* [Required work]: Copy the data exactly; pictures stay out of the copy.

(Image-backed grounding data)
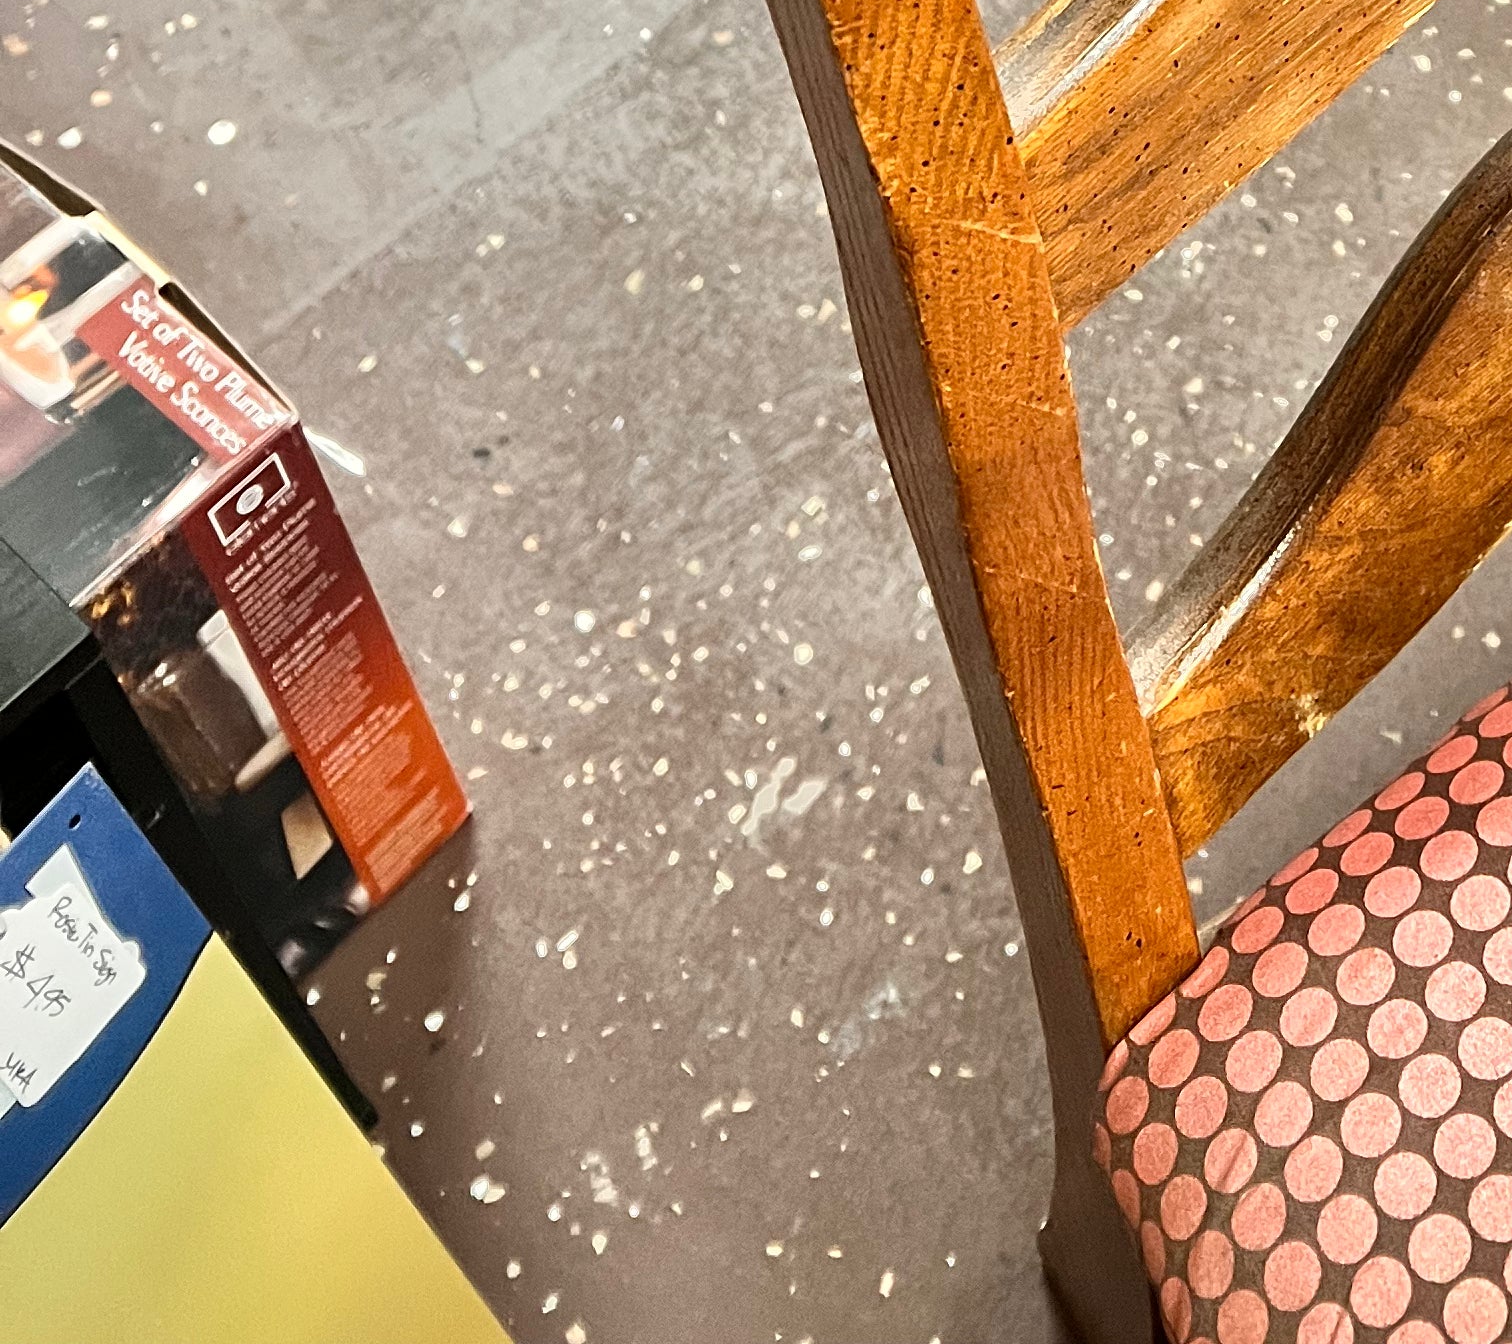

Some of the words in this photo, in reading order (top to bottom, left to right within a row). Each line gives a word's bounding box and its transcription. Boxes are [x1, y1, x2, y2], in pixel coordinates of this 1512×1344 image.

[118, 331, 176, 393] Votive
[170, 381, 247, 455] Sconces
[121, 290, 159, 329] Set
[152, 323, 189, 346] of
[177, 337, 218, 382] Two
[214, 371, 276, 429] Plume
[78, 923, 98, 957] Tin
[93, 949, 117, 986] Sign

* [Reply to the exercise]:
Some of the words in this photo, in reading order (top to bottom, left to right within a row). Each line gives a word's bounding box and its transcription. Boxes are [x1, y1, x2, y2], in pixel coordinates of this 1512×1344 image.

[118, 331, 176, 393] Votive
[170, 381, 247, 455] Sconces
[121, 290, 159, 329] Set
[152, 323, 189, 346] of
[177, 337, 218, 382] Two
[214, 371, 276, 429] Plume
[78, 923, 98, 957] Tin
[93, 949, 117, 986] Sign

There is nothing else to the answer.